Updated 28 days ago on .
Your network isn't just who's in it, it's who holds when things go wrong.
I've watched deals with solid fundamentals fall apart because of one broken relationship at the wrong time.
Not bad underwriting. Not a bad market. A person who looked reliable until the deal showed weakness, and then made decisions that protected themselves first.
This is the part of network-building nobody talks about directly. Everybody says "your network is your net worth" and moves on. What they don't say is that some networks are cannibalistic. They function fine when things are going well. The moment vulnerability shows up, certain people in that network stop being allies and start being opportunists.
What I've learned after three decades: the question isn't who's in your network. It's what those people do under conditions that aren't ideal. You need to know that before the moment arrives, not during it.
A few things that have held up for me over the years:
Trust is earned in smaller transactions before you put it to work on bigger ones. Watch how someone handles a problem in a deal that isn't yours. Pay attention to what they say about other people when those people aren't in the room. That tells you more than any track record summary.

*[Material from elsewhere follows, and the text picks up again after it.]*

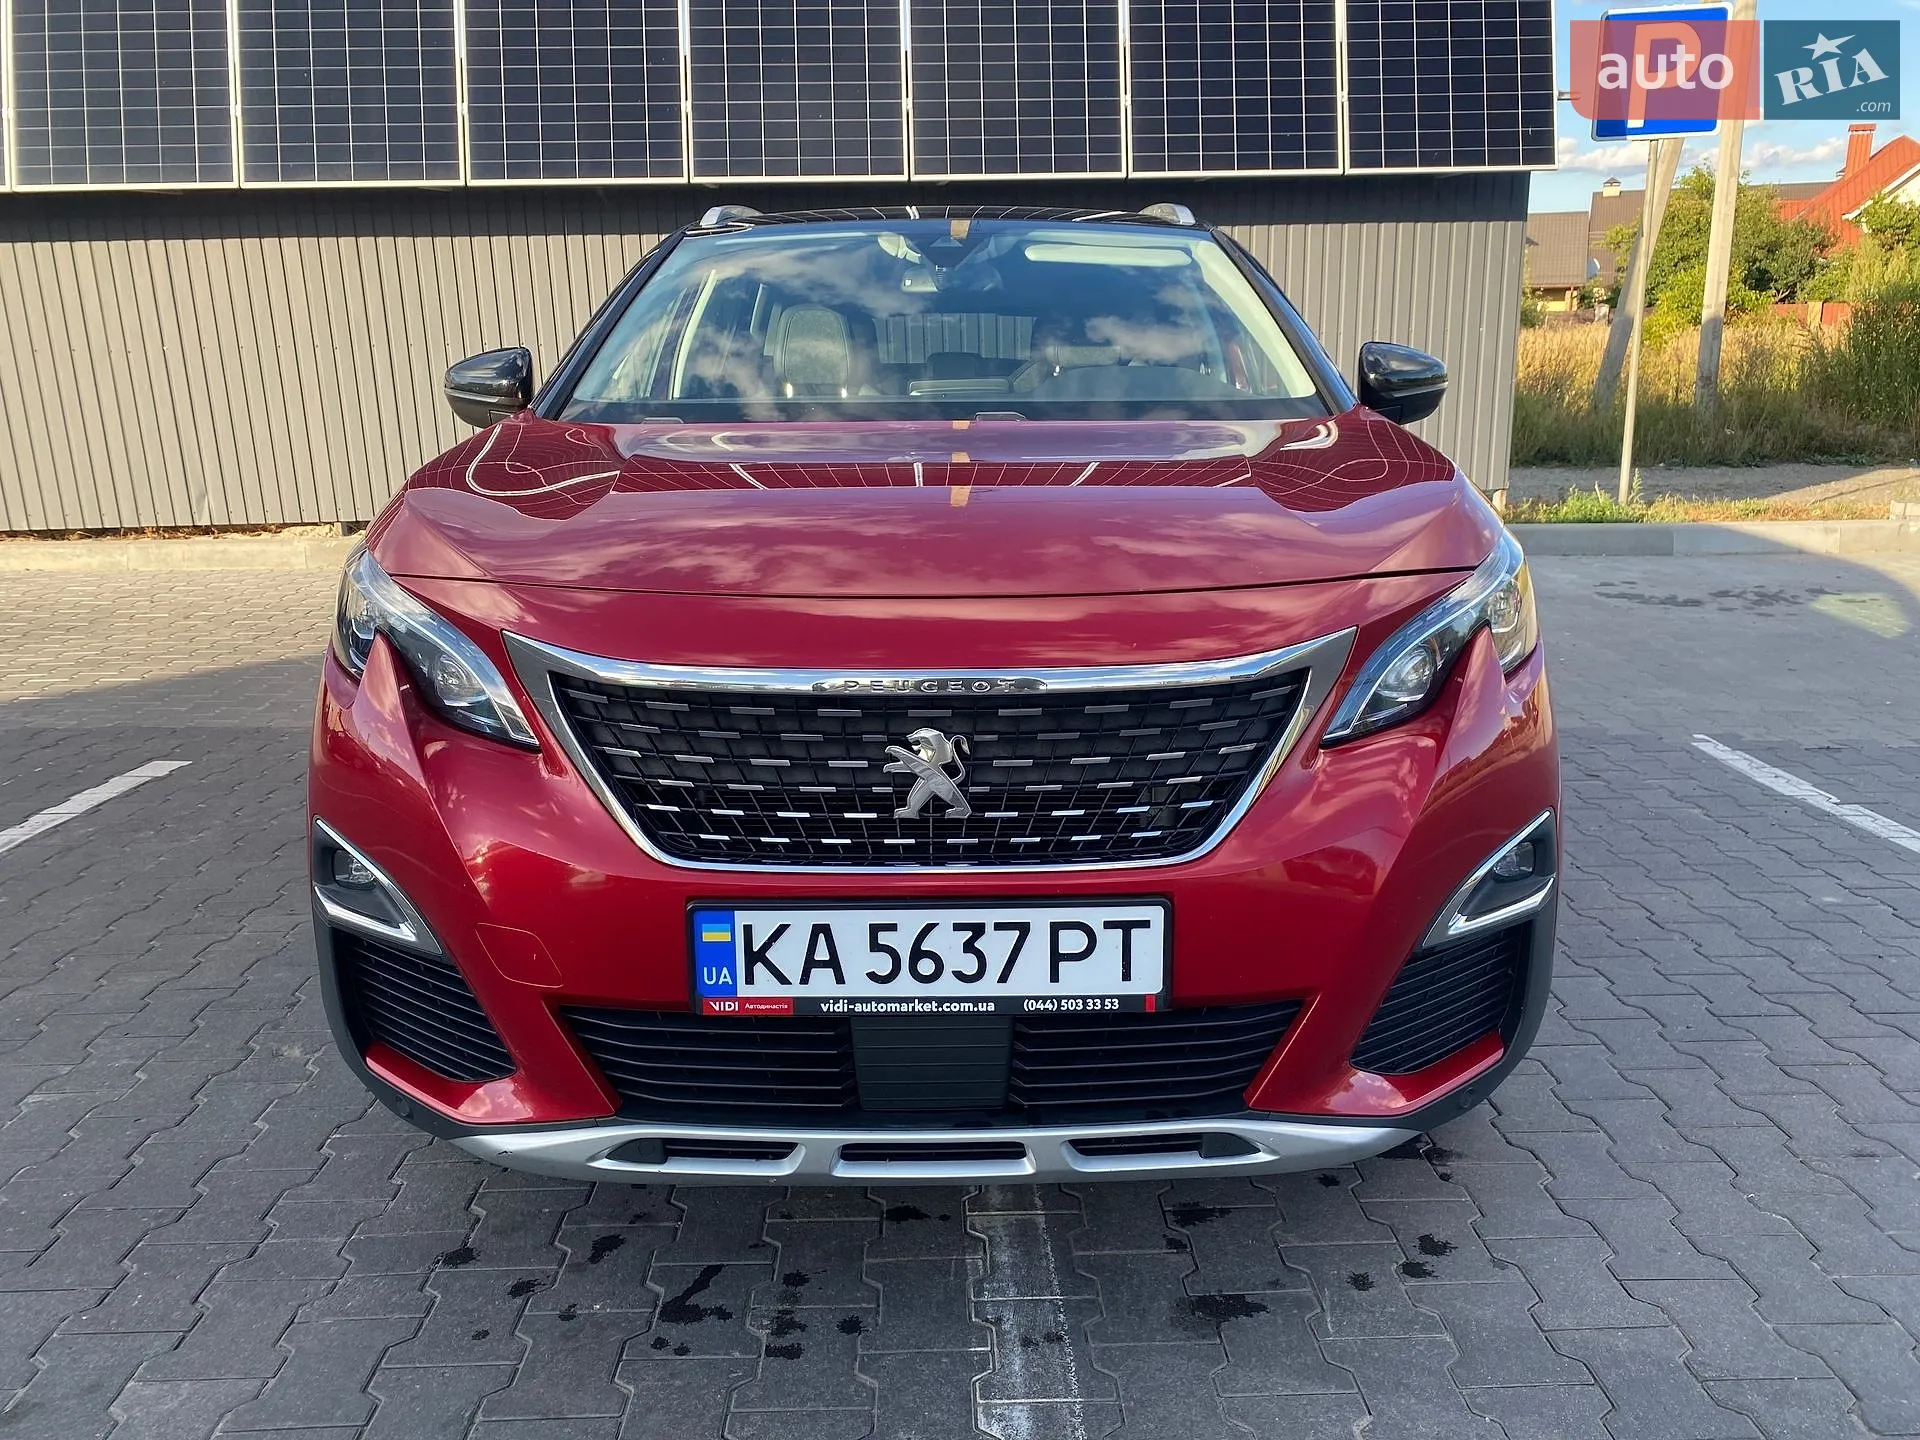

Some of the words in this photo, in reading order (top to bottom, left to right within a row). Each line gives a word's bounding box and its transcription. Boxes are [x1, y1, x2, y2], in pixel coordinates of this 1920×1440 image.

Redundancy matters. One reliable GC, one reliable lender, one reliable partner, that's a single point of failure. If that person is unavailable or has their own issues when you need them, you're exposed. Real network strength means you have multiple people who can fill each critical function, and you've already worked with them enough to know they'll deliver.
Size is irrelevant. The investors I've seen consistently execute over long periods aren't the ones with the biggest contact lists. They're the ones who know exactly which five or six people they'd call in a crisis and have a backup for each of them.